After a brief discussion of the history of DAPTs, this article examines the battle tactics used by creditors to break DAPTs and access trust assets.
A Short History of Domestic Asset Protection Trusts
Alaska took the asset protection lead in the U.S. in 1997 when it created a trust framework having several tax and asset-preservation advantages that, together, are more advantageous to trust settlors than the traditional trust laws of the other states. Interested in bringing significant assets and banking and trust administration business into the state, Alaska’s DAPT legislation requires that trusts have an Alaska operating nexus—although the settlor does not need to claim Alaska as his domicile.
Recognizing the opportunity to generate business in their borders, Delaware, Nevada and Rhode Island followed Alaska’s lead and drafted their own DAPT statutes. Colorado, Hawaii, Missouri, New Hampshire, Oklahoma, South Dakota, Tennessee, Utah and Wyoming jumped into the DAPT business, although there may be significant differences between the degree of creditor protection and tax advantages offered by each state.
And regardless of the state where a DAPT is formed, the U.S. situs (location) of the trust gives creditors, including the IRS, easier access to trust assets.
Creditor Battle Tactics
DAPTs are an ambitious attempt to give U.S. trusts some of the desirable characteristics of offshore trusts, but the creditor protection and tax planning aspects of the trusts are subject to potential technical legal challenges that have not yet been fully resolved—resulting in a degree of uncertainty for DAPT settlors. What follows is a discussion of the basic battle tactics employed by creditors attacking a DAPT:
- Fraudulent Transfer;
- Choice of Law;
- Improper Implementation.
Most DAPT statutes will allow a creditor to access trust assets when the settlor made a fraudulent transfer of assets to the trust to defraud the creditor. So where there are current or foreseeable future liabilities of the settlor at the time the trust is created, creditors may be able to attack a DAPT as a fraudulent transfer. And even where there were no current or foreseeable liabilities at the trust’s inception, creditors often resort—rightfully or wrongfully—to the fraudulent transfer attack.
Fortunately, the fraudulent transfer attack can often be neutralized by using competent counsel to draft and fund the trust. Generally, a statute of limitations will often bar creditors from attacking a DAPT after some period of time has passed. And some states (e.g., Nevada) require creditors to bring a fraudulent transfer challenge within a period of time after the transfer is made or the creditor discovers the transfer was made to the trust.
As discussed in the next section, the time limitation on a creditor’s attack will depend on which state’s laws apply—the state where the settlor resides or the state where the trust was formed.
Choice of Law
When possible, creditors like to transplant a DAPT battle to a new battlefield by arguing that the law of the state where the settlor resides should apply to the trust and not the state where the DAPT was formed. Assuming that the settlor lives in a state that doesn’t have a DAPT statute, moving the battle to the settlor’s home state will often permit the court to say that the trust assets are accessible by the creditor.

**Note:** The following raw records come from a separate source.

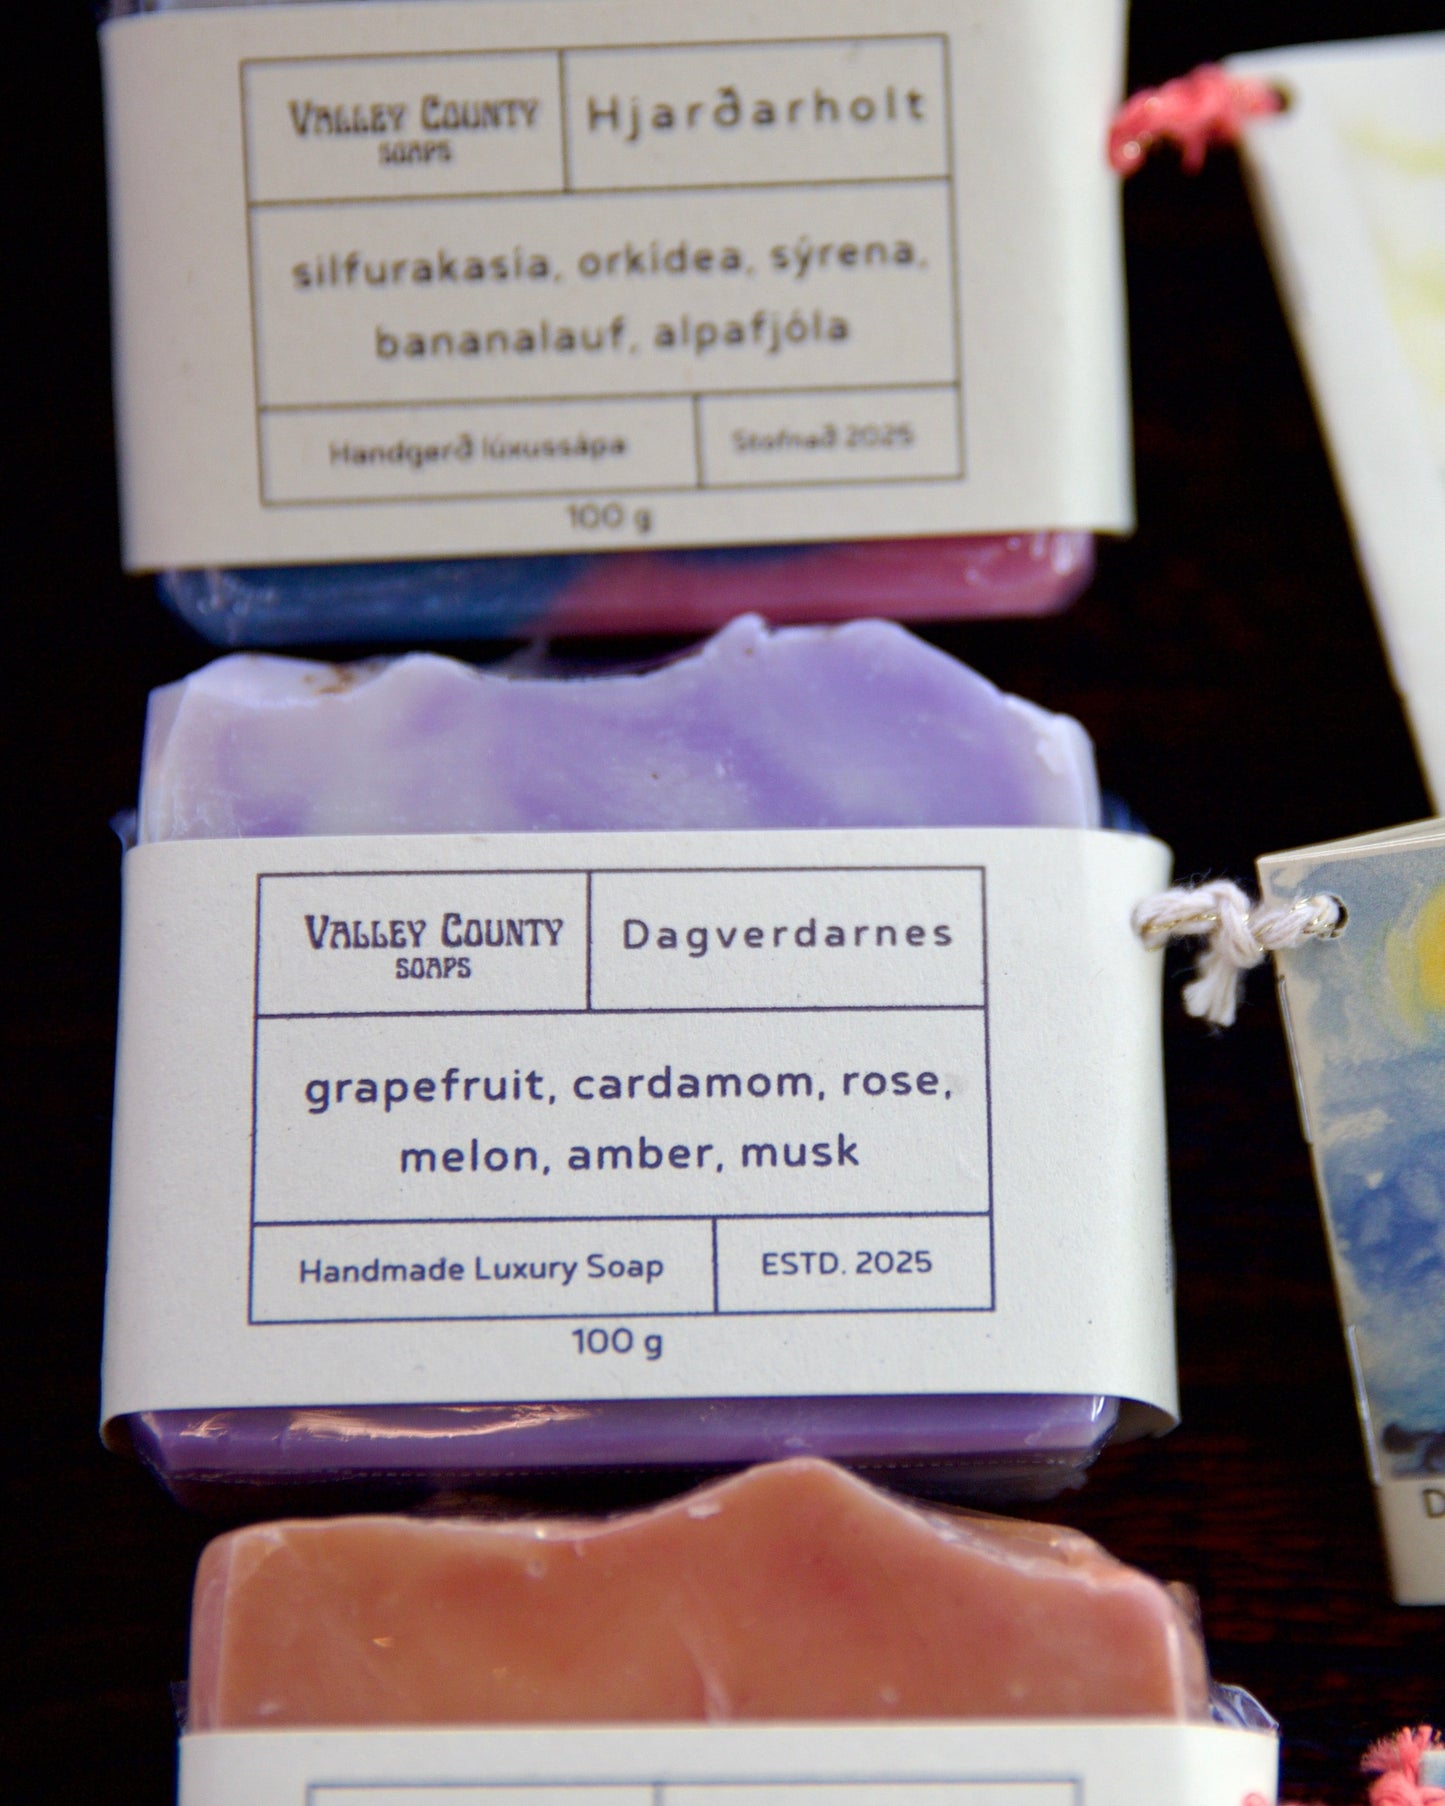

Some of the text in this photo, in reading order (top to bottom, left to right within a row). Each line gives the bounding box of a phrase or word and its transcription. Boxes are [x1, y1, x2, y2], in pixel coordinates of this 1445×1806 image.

[288, 93, 540, 138] VALLEY COUNTY
[586, 84, 925, 146] Hjarðarholt
[377, 138, 454, 166] SOAPS
[374, 309, 852, 362] bananalauf, alpafjóla
[328, 432, 476, 471] Handgerð
[843, 421, 917, 452] 2025
[566, 502, 655, 537] 100 g
[303, 911, 565, 951] VALLEY COUNTY
[622, 916, 953, 959] Dagverdarnes
[395, 955, 473, 980] SOAPS
[304, 1064, 953, 1116] grapefruit, cardamom, rose,
[400, 1132, 860, 1177] melon, amber, musk
[299, 1252, 665, 1287] Handmade Luxury Soap
[761, 1249, 933, 1277] ESTD. 2025
[571, 1326, 664, 1362] 100 g
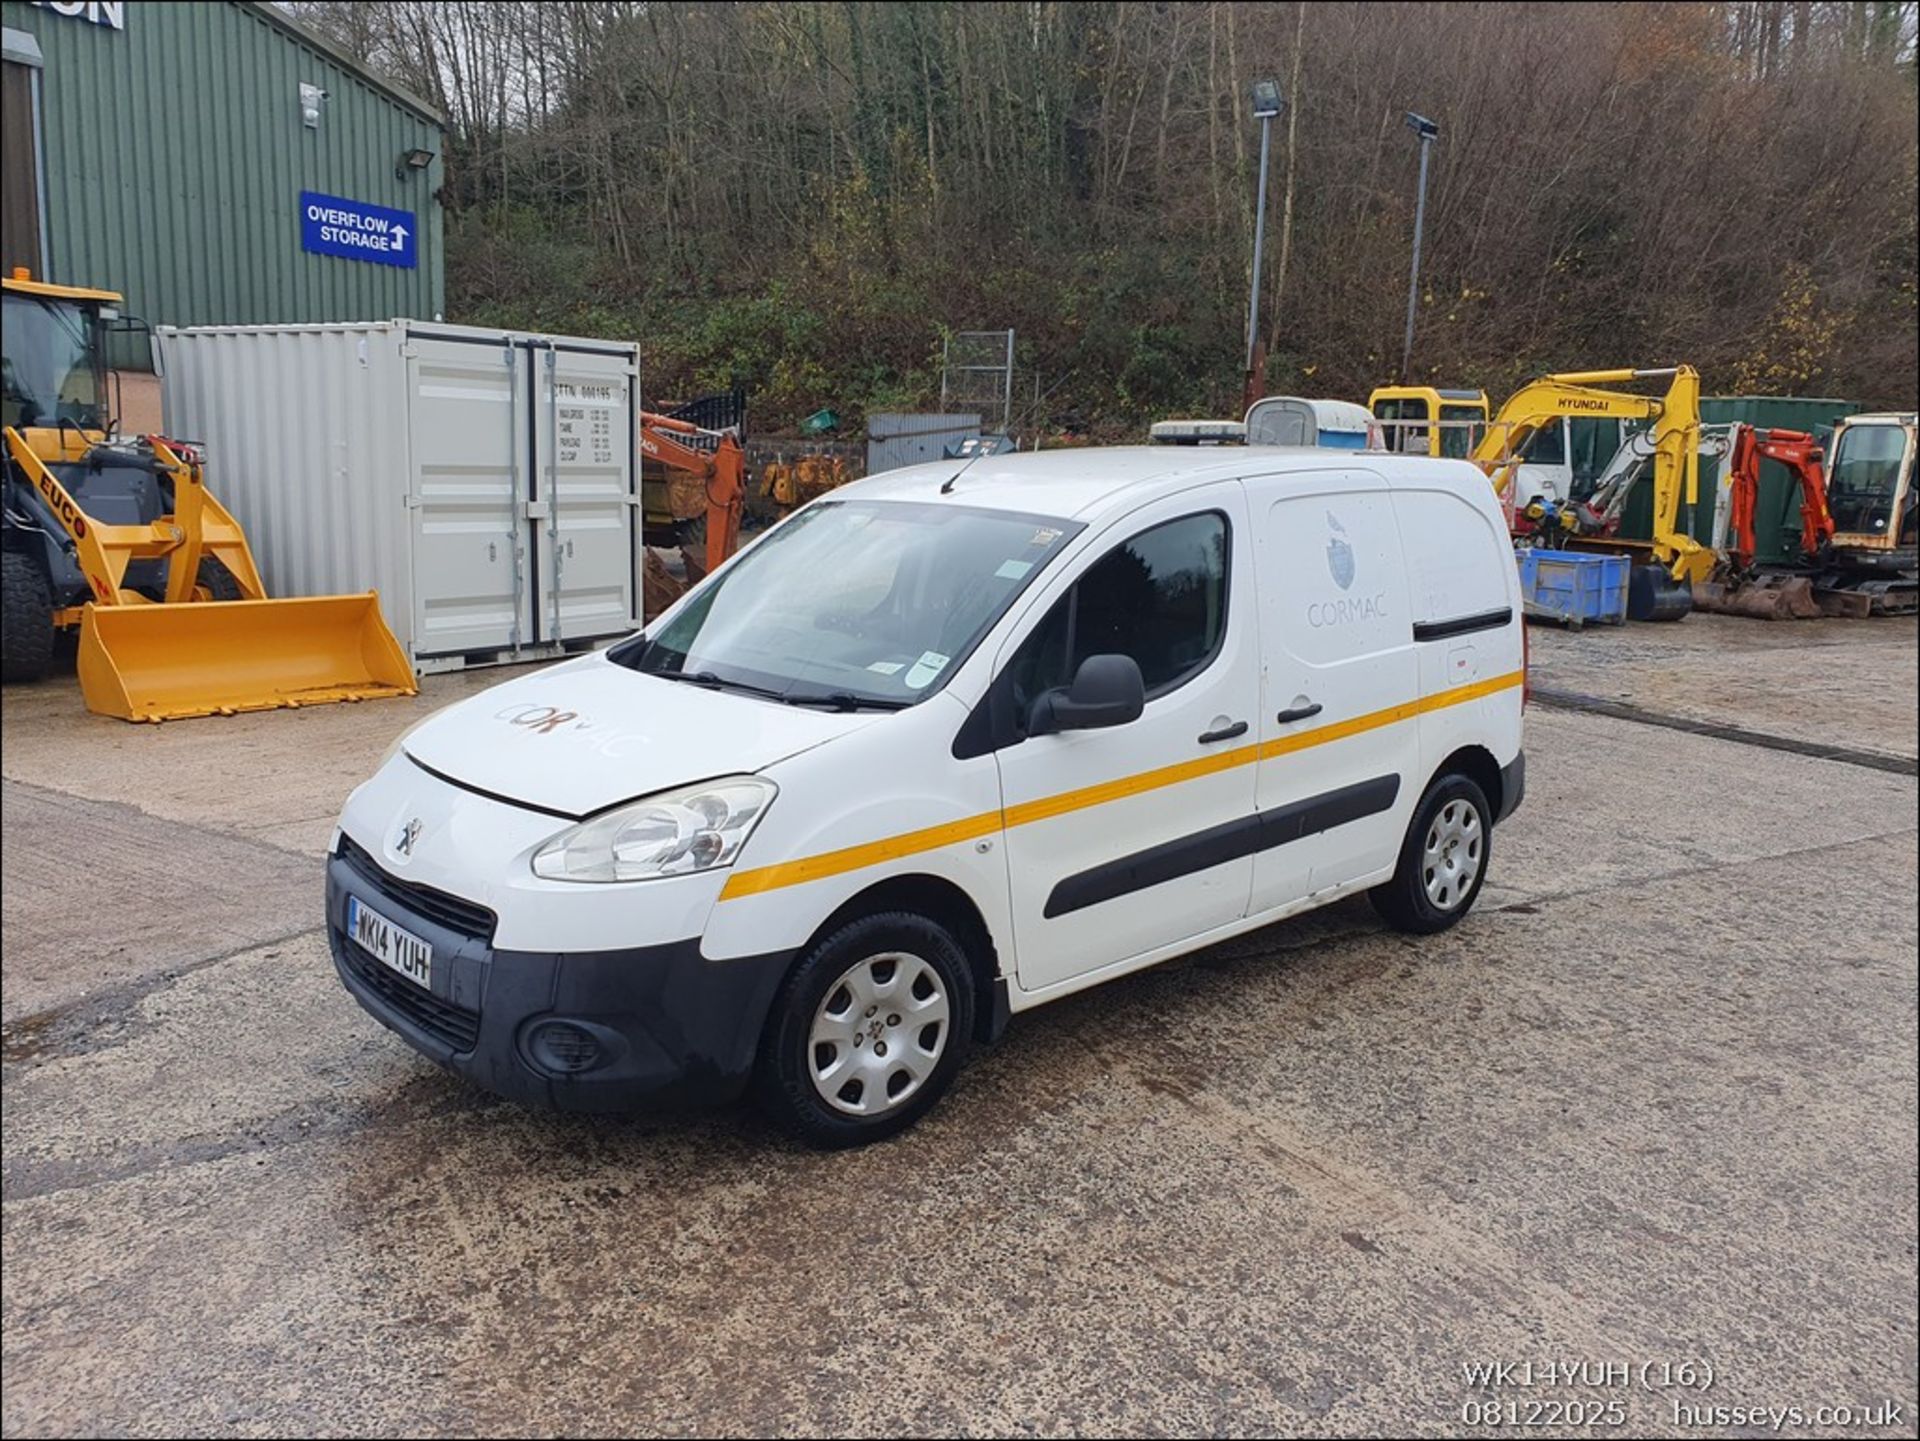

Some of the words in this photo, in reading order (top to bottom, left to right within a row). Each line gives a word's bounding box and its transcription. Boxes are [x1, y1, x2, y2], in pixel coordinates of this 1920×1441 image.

[307, 205, 389, 233] OVERFLOW
[320, 226, 390, 252] STORAGE
[1558, 398, 1609, 411] HYUNDAI
[40, 472, 86, 539] EUCO
[1307, 590, 1388, 628] CORMAC
[358, 907, 388, 957] WK14
[394, 931, 426, 980] YUH

But generally, this attack only will work only where the court considering the case has jurisdiction over the trustee. An Ohio court applying Ohio law can say that a South Dakota DAPT is creditor-accessible, but if the Ohio court doesn’t have jurisdiction over the DAPT’s trust, the creditor has little hope of breaking the trust.
The final tactic used by creditors to attack a DAPT is to argue that the trust is a sham—that the settlor, trustee, and other parties involved with the trust have acted as if the trust doesn’t exist. In other words, the creditors argue that the trust is a trust in name only and should not be respected by the courts.

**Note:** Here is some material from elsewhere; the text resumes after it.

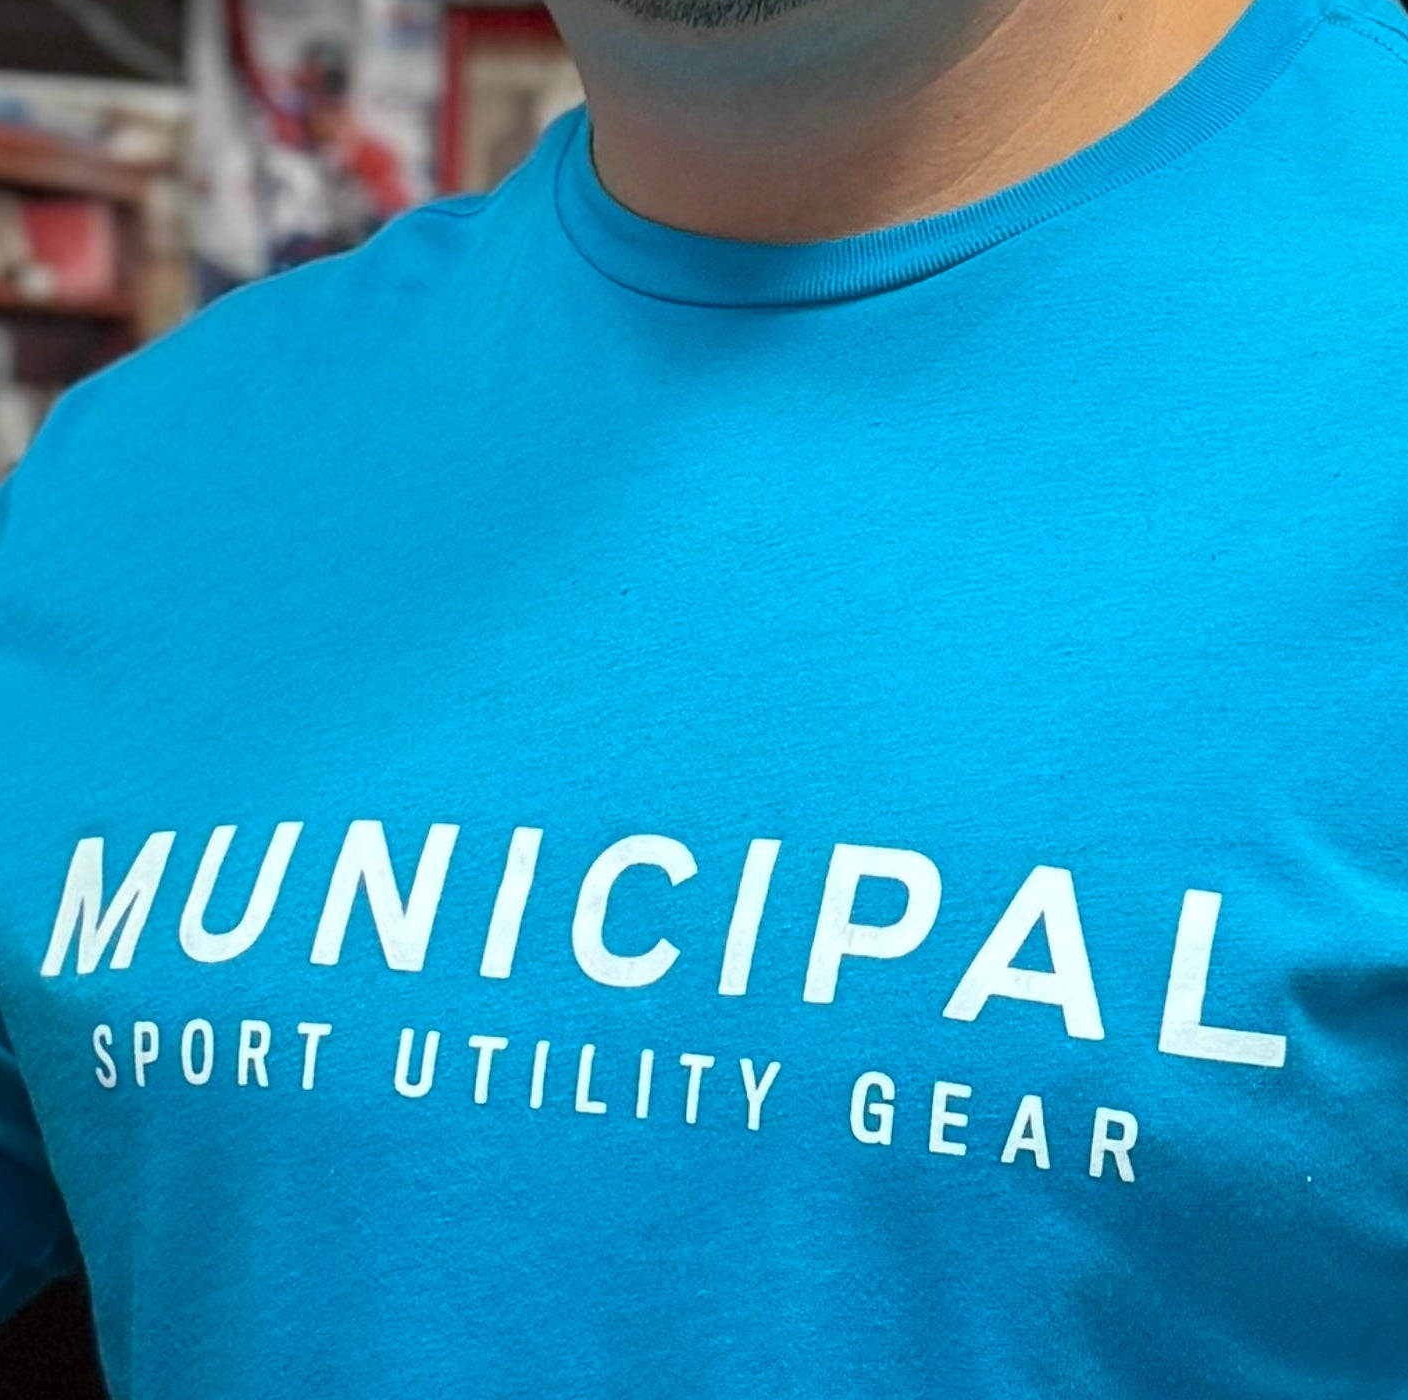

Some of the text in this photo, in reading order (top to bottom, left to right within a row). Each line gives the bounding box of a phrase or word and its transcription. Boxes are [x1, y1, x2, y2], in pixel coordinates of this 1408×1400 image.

[39, 819, 1288, 1068] MUNICIPAL
[94, 1018, 1139, 1183] SPORT UTILITY GEAR

Although the court that finds the trust to be a sham may not have jurisdiction over the trustee of the trust, if the court finds that the trust is a sham, the court can move against the settlor by finding him or her in contempt of court for failing to turn over assets held in the trust. A finding of contempt can land the settlor in jail indefinitely until he or she turns over the assets.
A DAPT is particularly vulnerable to an alter-ego attack if formalities of the trust aren’t respected (e.g., drafting of a trust agreement) or the trustee’s discretion is less than absolute. If the trustee’s discretion is absolute under the trust agreement, but the trustee and the settlor have an outside agreement that restricts the trustee’s discretion, a court is more likely to find that the trust is a sham.
Each of the three creditor battle-tactics listed above can also be used against offshore asset protection vehicles, but the attacks may be blunted by national borders. On the other hand, DAPTs have the advantage of not being as likely to raise red flags with the IRS and don’t subject the trust settlor or beneficiaries to FBAR filing requirements.
Whether to use an asset protection vehicle and, if appropriate, where to locate the trust, is a highly complex calculus that should only be attempted with the assistance of competent legal counsel.